For the record, I was able to recover the volume group. I failed to
copy the text of the shell session to a file, so this is from memory,
but I'm pretty sure it's accurate enough to provide clues to anyone
in a similar situation.
What I did was sacrifice the two base volumes hda2 and hda4 below.
hda4 was converted to a large ext3 partition to hold what I needed
out of hda2, and to hold the results of using photorec to recover
what it could find of my files which had been stored physically in
hde5. hda2 was then sacrificed and converted to an ext3 partition, to
hold a single-partition minimal install of FC5.
While I was using photorec to recover my files, all 70,000+ of them
scattered across 170 or so recup_xxx directories, I also used
Christophe Grenier's testdisk (which photorec is distributed with) to
see if it would find the lvm information in hda3 and hde5. It did,
and I told it to write the results of scanning hda3 to hda3, or at
least I think I did. I don't know if that step helped or not. Neither
of those tools are what I would call verbose.
By refraining from using LVM in the minimal install in hda2, I think
I was able to avoid further conflicting LVM headers, and was able to
boot the install of FC6 in hde2 once or twice more to mount /dev/hda1
and /dev/hda2, and get the name of the kernel and boot files in hda2
and copy them into /boot/grub/grub.conf in hda1 so I could boot the
FC5 in hda2. (I had just chained to grub on hde1 from grub in hda1,
so that simplified things a bit.)
So I booted the new install of FC5 from hda2, re-read the man entries
on lvm and its subcommands, pvdisplay was able to see both hda3 and
hde5, so I took hope.
I mounted /dev/hda1, cd-ed into the old fc5's /etc/lvm and got the
uuids of both physical volumes from backup/fc5 in there. I checked
dates, and checked the uuids in the entries in the archive directory
to make sure they matched, and that I wasn't going to end up trying
to restore the wrong headers.
One point of possible confusion is that the uuids of the logical
volumes which are recorded there won't help if the headers for the
physical volumes have been written over. The original problem (before
I screwed things up worse in my initial attempts at recovery) was
that attempting to use logical volumes in installing ubuntu on hde2
had overwritten the headers of hde5, and then lvm couldn't find all
of the fc5 logical volume group and refused to mount any of it.

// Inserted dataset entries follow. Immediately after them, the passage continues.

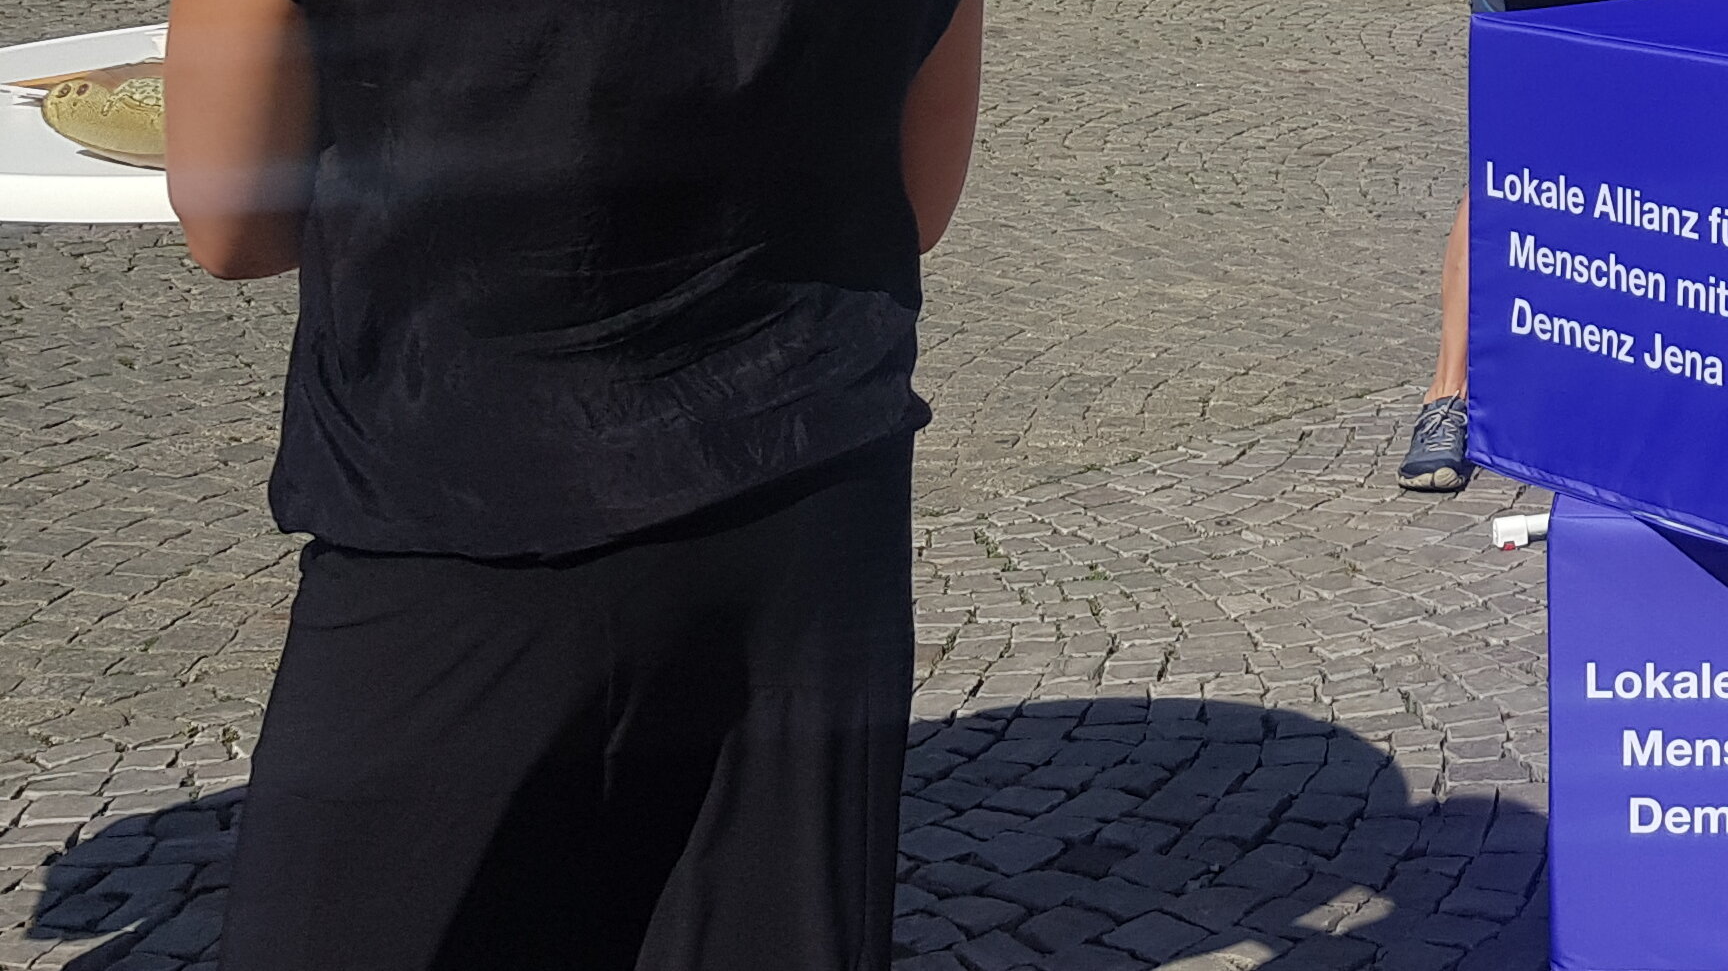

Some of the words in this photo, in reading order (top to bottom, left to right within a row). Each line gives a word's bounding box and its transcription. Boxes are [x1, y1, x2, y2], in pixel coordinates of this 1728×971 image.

[1485, 160, 1585, 215] Lokale
[1593, 182, 1700, 240] Allianz
[1508, 230, 1666, 302] Menschen
[1510, 297, 1635, 364] Demenz
[1643, 332, 1724, 387] Jena

Then I did pvcreate --restorefile backup/fc5 --uuid <uuid-of-physical-
hde5> /dev/hde5 . It first complained that it couldn't find the
volume, and then it said volume created.
So then I did pvcreate --restorefile backup/fc5 --uuid <uuid-of-of-
physical-hda3> /dev/hda3 with no complaints.

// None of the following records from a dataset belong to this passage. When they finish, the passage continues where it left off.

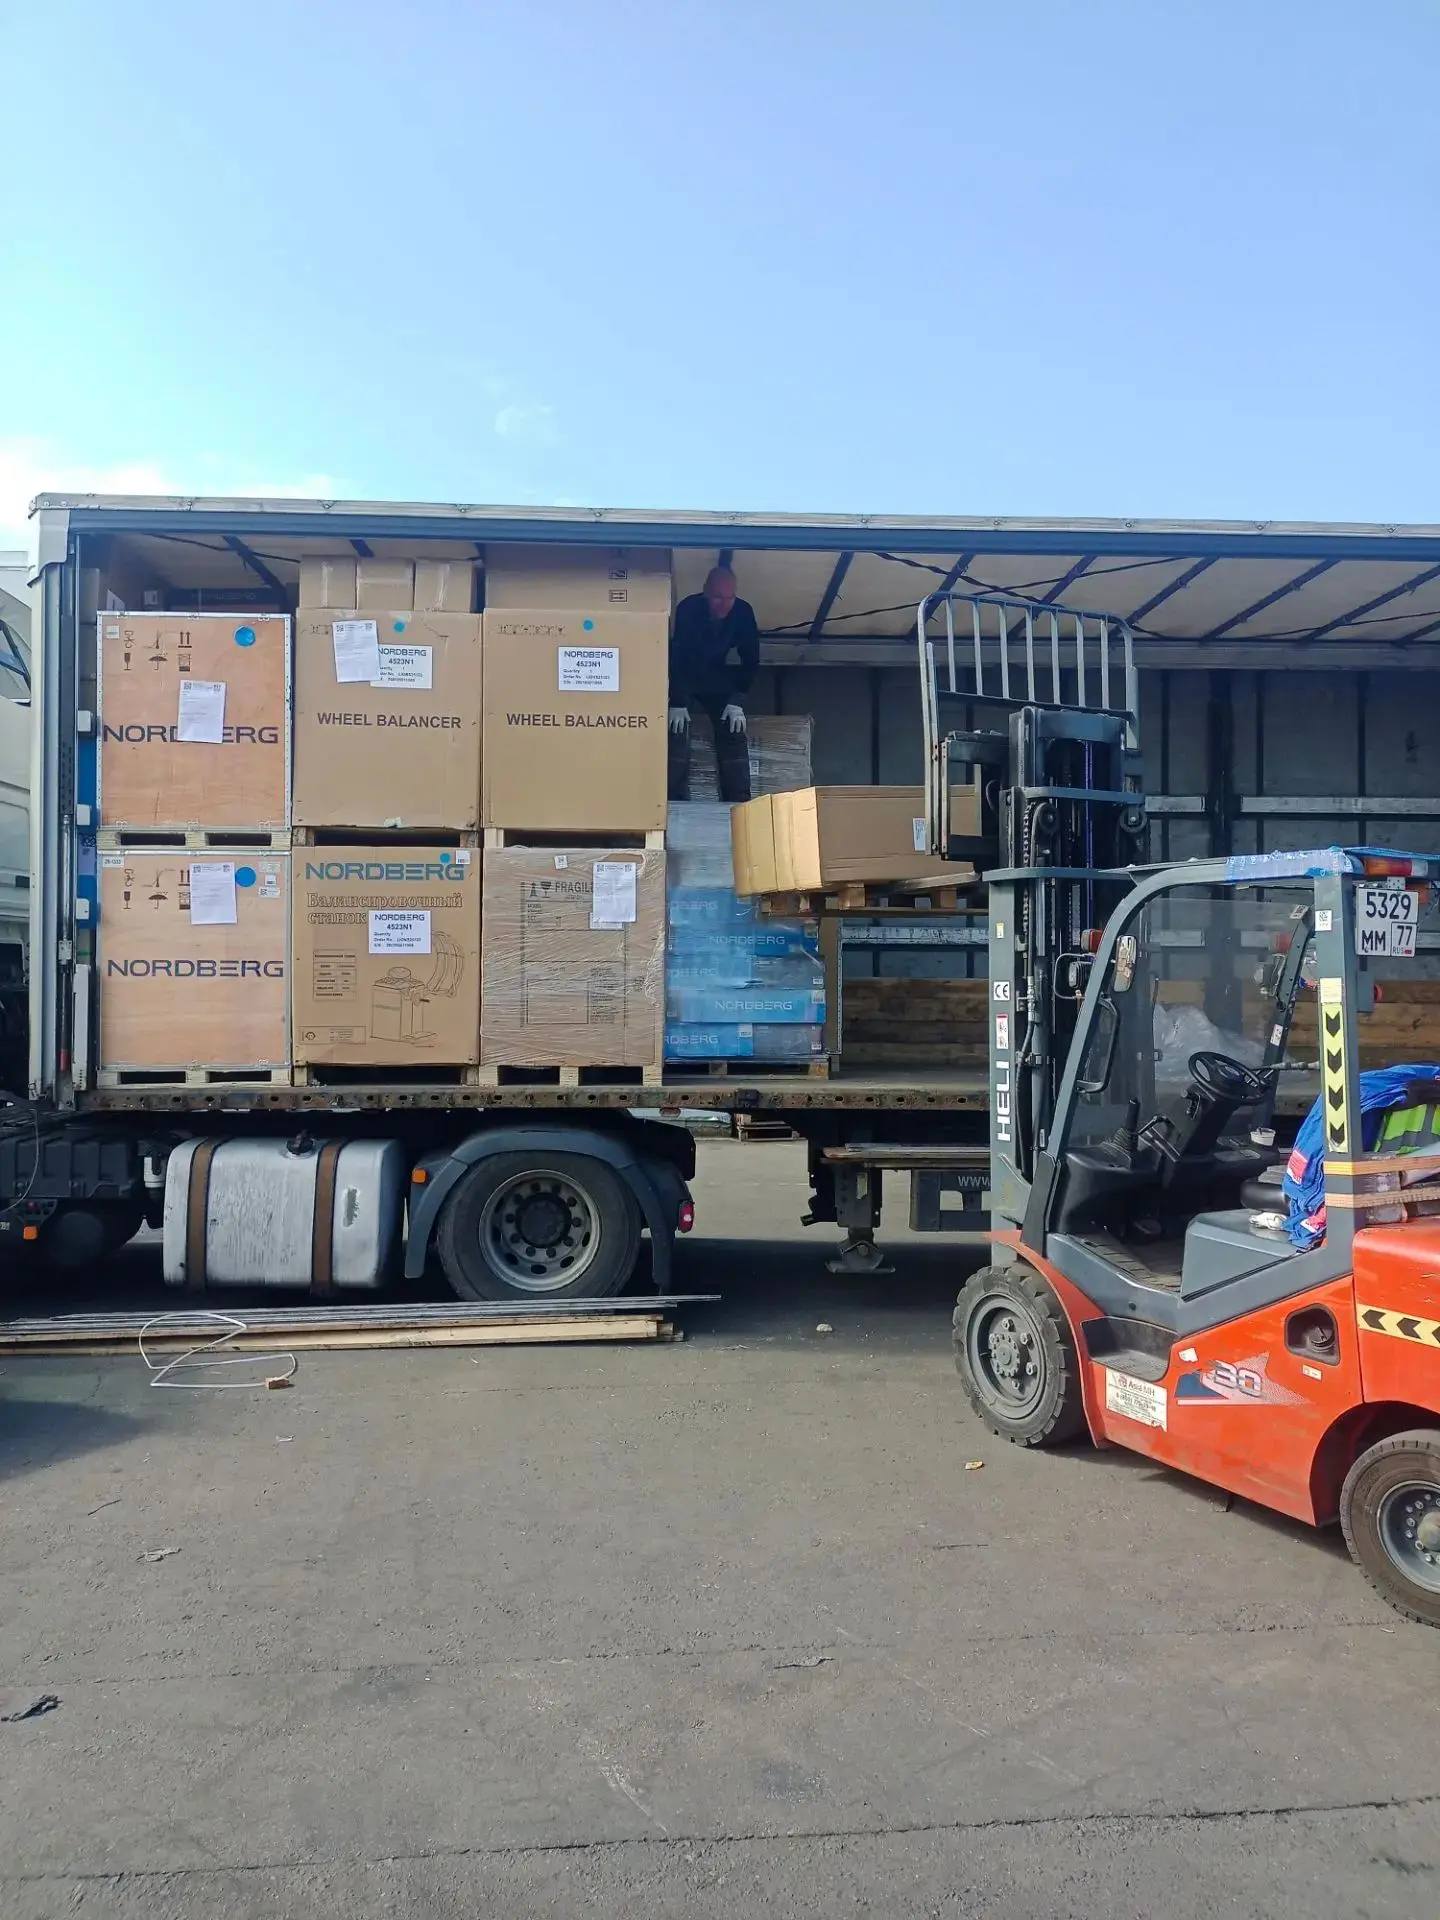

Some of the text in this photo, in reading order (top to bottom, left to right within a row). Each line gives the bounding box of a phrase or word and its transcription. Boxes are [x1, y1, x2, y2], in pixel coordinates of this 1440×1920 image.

[564, 650, 613, 658] NORDBERG
[316, 712, 462, 729] WHEEL BALANCER
[506, 713, 648, 729] WHEEL BALANCER
[103, 724, 279, 744] NORERG
[305, 862, 465, 881] NORDBERG
[306, 892, 464, 909] Балансировочный
[1365, 891, 1412, 920] 5329
[307, 911, 368, 925] станок
[374, 913, 425, 921] NORDBERG
[709, 935, 786, 945] NORDBERG
[1361, 929, 1386, 951] MM
[1396, 925, 1413, 946] 77
[107, 959, 284, 977] NORDBERG
[715, 1000, 793, 1011] NORDBERG
[996, 1060, 1012, 1143] HELI
[1214, 1359, 1262, 1398] 30
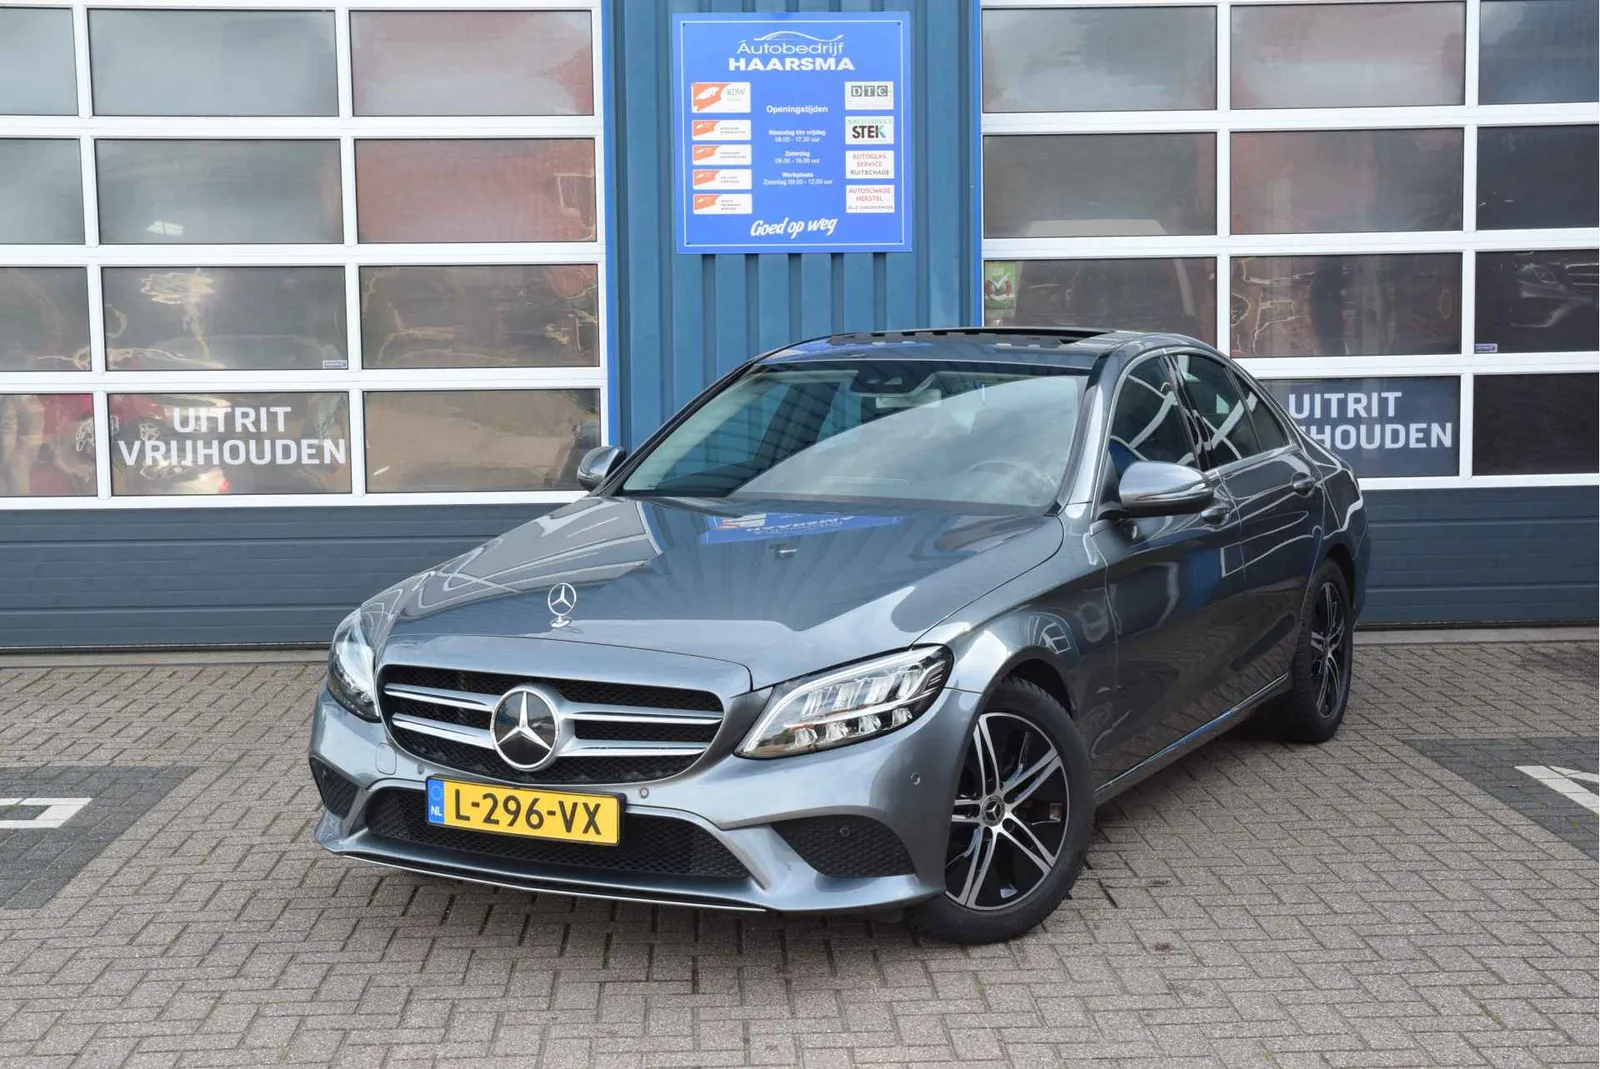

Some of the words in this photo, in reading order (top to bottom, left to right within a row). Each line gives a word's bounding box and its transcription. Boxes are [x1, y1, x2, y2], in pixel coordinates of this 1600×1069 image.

So I next did the vgcrestorefile --file backup/fc5 (I think that was
the parameters, wish I had saved the session text) and that gave me a
success message. So I checked the file system with the graphical lvm
widget, and it saw all the lost logical volumes, including the one in
hde5.
In order to boot from hda1 again, I had to get rid of the entries I
had in /etc/fstab referencing the old fc4 leftovers in hda2 that were
no longer there. But now it boots fine. I'll see if booting fc6
works, and whether it screws things up, but only after backing up my
important stuff from the old fc5 install.
Things I learned:
(1) Read the lvm howto at http://tldp.org/HOWTO/LVM-HOWTO/ before
trying anything fancy like including physical volumes from more than
one drive in a volume group.
(2) Don't multiboot other distros that use LVM if do mix physical
drives in a volume group. (I guess this is kind of the same issue as,
when multi-booting MSWxx and Linux or BSD distros, let MSWindwoes or
Partition Magic, you only want to do the base partitions once and
then leave them alone.)
(3) I didn't have much luck with using the LVM tools from one distro
on another (Ubuntu live DVD and Knoppix CD). Probably not a good idea.

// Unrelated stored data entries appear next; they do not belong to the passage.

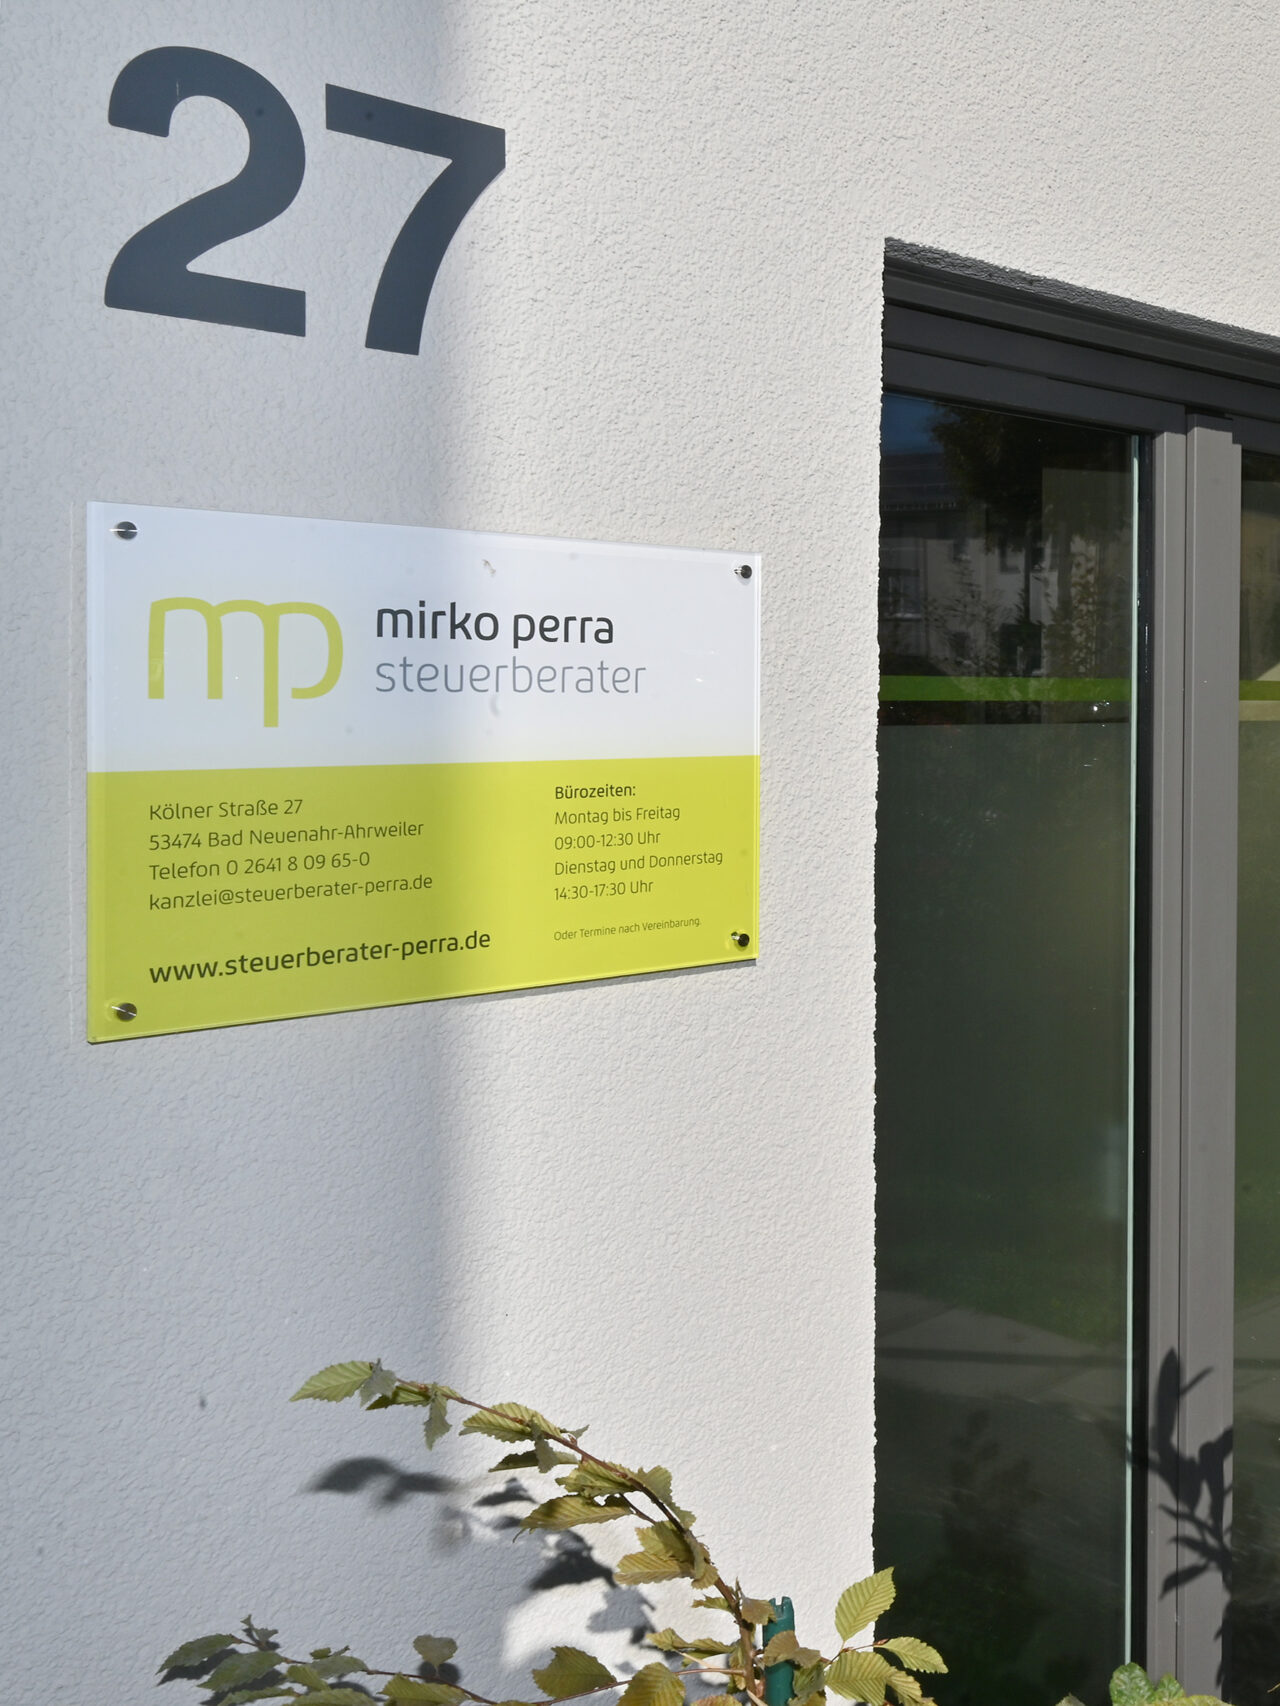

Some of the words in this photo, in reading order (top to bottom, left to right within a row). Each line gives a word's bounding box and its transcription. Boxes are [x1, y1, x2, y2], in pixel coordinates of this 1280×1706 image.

[104, 45, 506, 356] 27
[376, 600, 499, 641] mirko
[513, 613, 614, 649] perra
[147, 596, 344, 728] mp
[376, 655, 647, 694] steuerberater
[555, 783, 636, 800] Bürozeiten:
[149, 802, 213, 821] Kölner
[218, 800, 279, 818] Straße
[283, 799, 303, 815] 27
[554, 810, 609, 825] Montag
[613, 807, 632, 822] bis
[636, 806, 681, 821] Freitag
[149, 832, 202, 851] 53474
[208, 829, 243, 848] Bad
[250, 821, 425, 846] Neuenahr-Ahrweiler
[554, 832, 633, 850] 09:00-12:30
[638, 830, 661, 845] Uhr
[149, 861, 220, 880] Telefon
[226, 859, 239, 876] 0
[244, 857, 282, 875] 2641
[287, 856, 298, 872] 8
[303, 853, 326, 870] 09
[331, 851, 370, 868] 65-0
[554, 860, 616, 876] Dienstag
[620, 855, 645, 871] und
[649, 851, 723, 869] Donnerstag
[149, 874, 433, 911] kanzlei@steuerberater-perra.de
[554, 881, 626, 900] 14:30-17:30
[630, 879, 654, 895] Uhr
[553, 930, 578, 941] Oder
[580, 926, 616, 938] Termine
[618, 923, 640, 934] nach
[149, 930, 491, 984] www.steuerberater-perra.de

(4) I might want to consider not having /usr on an LVM volumes, even
though Fedora Core installs all optional packages there instead of /
usr/local. Part of the problem was that, with /usr in an LVM managed
volume, I couldn't access the tools I needed to fix the LVM volumes.
Alternatively, I might want to keep a live CD with the LVM tools on
it. In fact, maybe I should make a feature request to put the LVM
tools and man pages on the FC restore CDs. (The tools are incomplete,
and the man pages not present on the current restore CDs.)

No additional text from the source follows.